Les fresques médiévales de Saint-Étienne : un trésor pictural enfin dévoilé
Dans la douce lumière tamisée de la nef, le regard du visiteur tombe, presque par hasard, sur une série de fresques aux teintes passées. Leur état, parfois lacunaire, n’enlève rien à leur pouvoir de fascination. Ces peintures murales, réalisées entre la fin du XIVe et le début du XVe siècle, comptent parmi les plus belles du Bas-Rhin, tout en demeurant injustement méconnues hors des cercles d’initiés (Inventaire général du patrimoine culturel, Ministère de la Culture).

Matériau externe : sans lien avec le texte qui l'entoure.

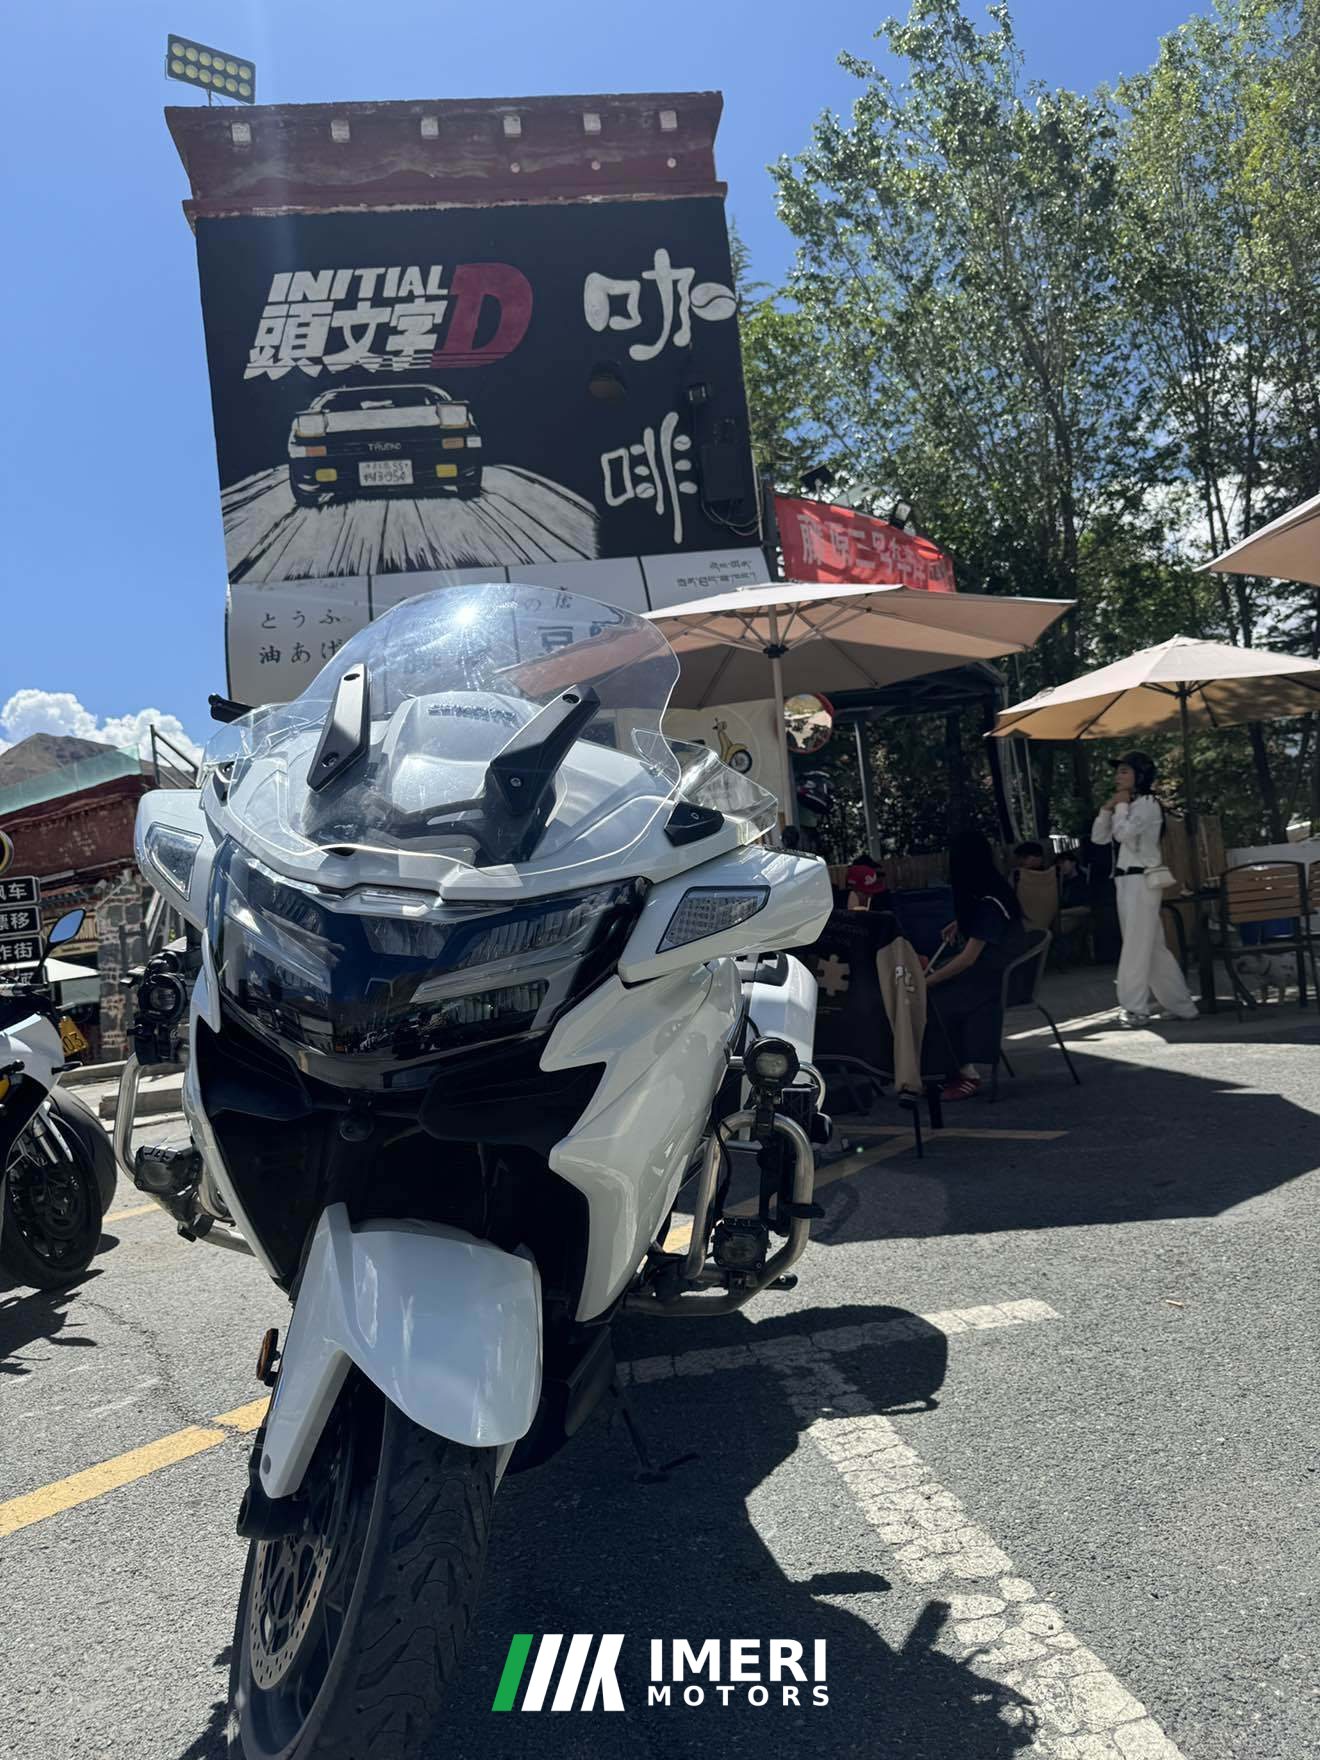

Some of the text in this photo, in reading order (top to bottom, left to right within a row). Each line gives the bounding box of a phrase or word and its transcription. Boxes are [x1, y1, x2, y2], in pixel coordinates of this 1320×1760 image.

[243, 297, 448, 381] 頭文字
[267, 262, 534, 369] INITIAL D

- Lieu : choeur et arc triomphal, sur les murs sud et nord principalement
- Période de réalisation : entre 1380 et 1420
- Techniques : fresque sur enduit, pigments minéraux locaux
- Sujets principaux : Christ en majesté, scènes de la Passion, apôtres, motifs décoratifs floraux et géométriques
La lecture des images : symbolique et messages cachés
Les fresques de Seltz, au-delà d’un simple décor, étaient pensées comme de véritables supports à la méditation et à l’enseignement des fidèles. La majorité de la population étant analphabète, les peintures racontent – en silence – l’Ancien et le Nouveau Testament, les dogmes et les espérances chrétiennes.
| Sujet |
Symbole |
Éclairage patrimonial |
| Christ en majesté dans la mandorle |
Puissance divine, Christ-Juge du Jugement dernier |
Fresque typique du gothique tardif, son geste de bénédiction rappelle la survie de l’église malgré l’adversité. |
| La Passion et Résurrection |
Souffrance humaine, espoir du Salut |
Représentation poignante : on sent, encore aujourd’hui, la force du récit biblique qui servait de refuge durant les conflits. |
| Apôtres en procession |
Piliers de l’Église |
Leur attitude grave rappelle le rôle de témoignage et d’ancrage dans la communauté villageoise. |
Parmi les détails qui émerveillent : une main bénissante, une étoile à six branches ornant le manteau du Christ ou les instruments de la Passion finement dessinés. Chaque représentation invite à scruter les angles, à lire l’invisible. Le choix des couleurs, sobres mais lumineuses, témoigne d’une palette héritée des ocres locaux et d’un bleu outremer alors précieux (le pigment lapis-lazuli dépassant la valeur de l’or à cette époque, source Université de Strasbourg, Laboratoire ARCHE).